Wolverhampton | News | Published:

Big challenges lie ahead for Wolverhampton College if standards are to be raised, according to the man who has taken the helm.

John Hogg has been brought in as temporary principal to help turn the college's fortunes around.

His appointment comes after it was rated inadequate by Ofsted. He will be in charge until at least July 2013 and today said he aims to bring "stability" and "optimism" to the college. The interim principal added the future was bright for staff and students if the basics are done right.

Mr Hogg replaced previous principal Ian Milliard who retired in July. In March Ofsted released a damning report judging the college as inadequate and it was given a year to improve.

Mr Hogg said: "I realise there are big challenges that lie ahead.
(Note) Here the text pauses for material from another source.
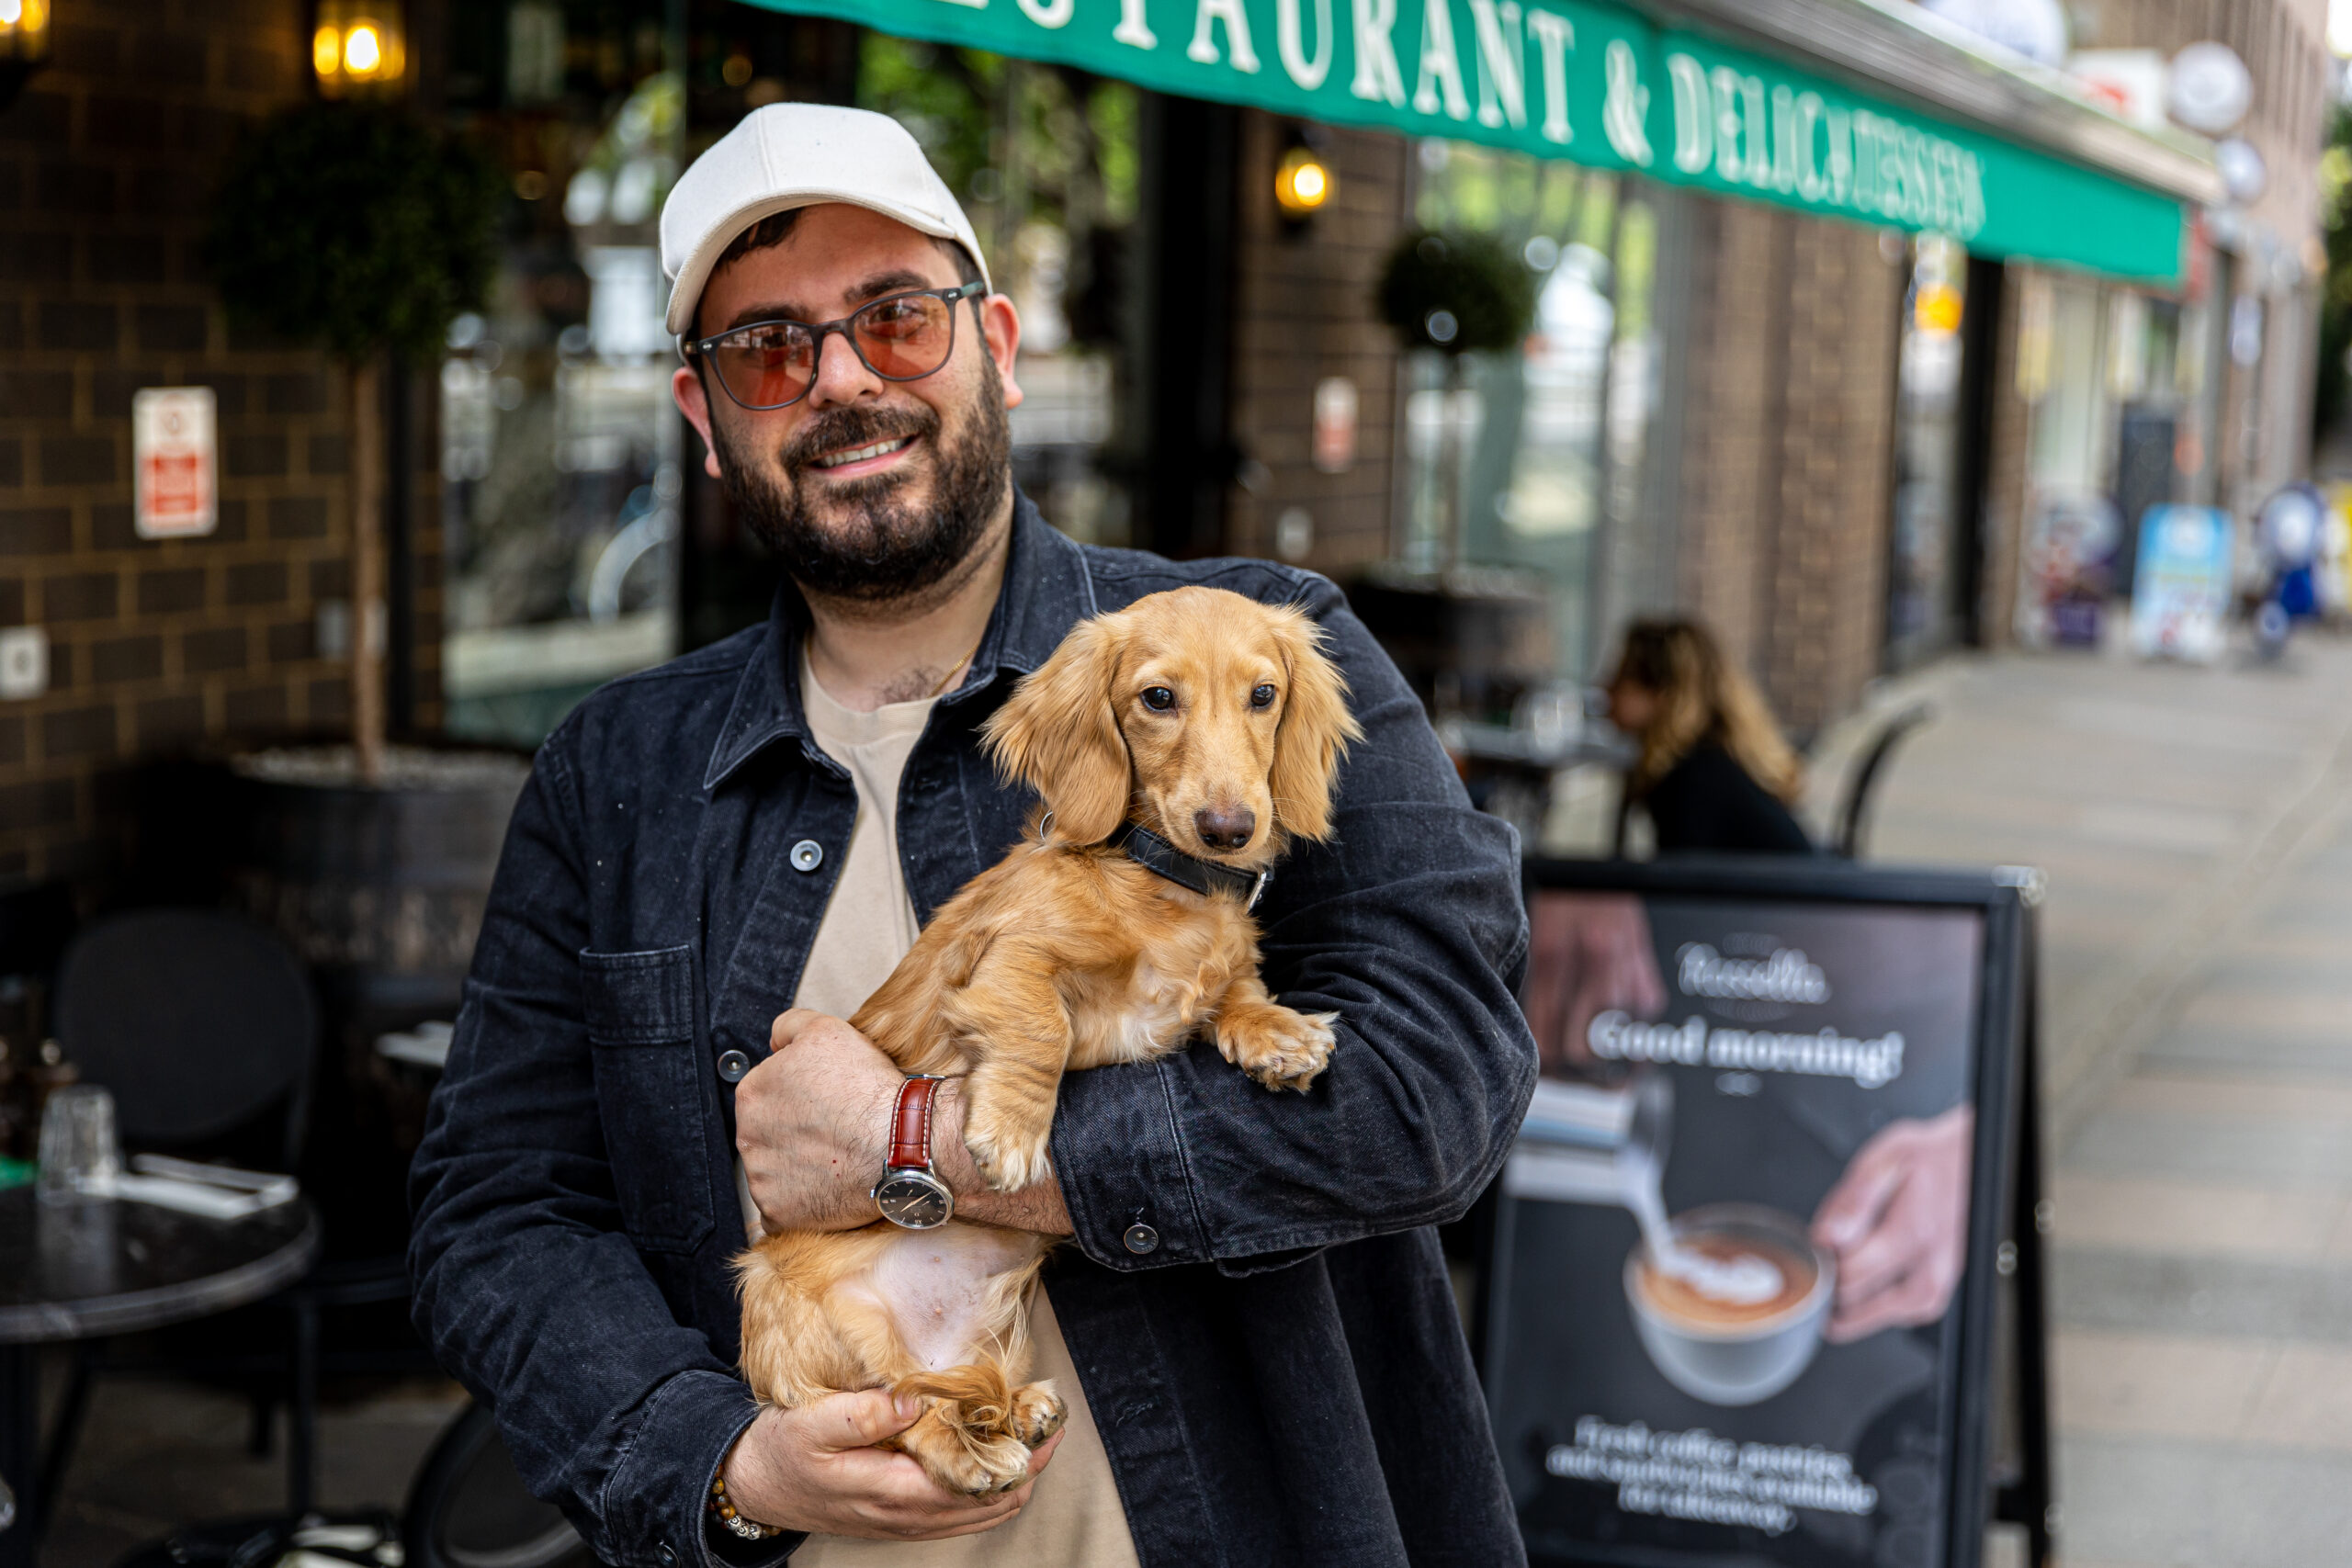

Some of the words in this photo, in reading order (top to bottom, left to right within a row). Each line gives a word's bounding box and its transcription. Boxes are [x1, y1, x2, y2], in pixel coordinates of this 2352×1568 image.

"My plan is to create a situation where the college can face the future with confidence."

Ofsted inspectors criticised the college, which has about 15,000 students, for the number of youngsters that were dropping out.

Mr Hogg said staff had been "vigorous" this year to ensure that students join the most suitable courses.

And he added that one of his main tasks was to "consolidate the financial future of the college".


He said: "I want the college to become the first choice provider of education.

"We know it won't be instant but if students can experience the support that staff are giving, then their futures will be bright."

Before Wolverhampton, Mr Hogg worked at Handsworth College in Birmingham and Middlesbrough College where he helped turn things around financially.

Earlier this month the college decided to scrap some of its GCSE courses.

Mr Hogg denied it was a "knee jerk" decision, instead claiming the courses had no place at the college any more and were not preparing students properly for getting jobs when they finish.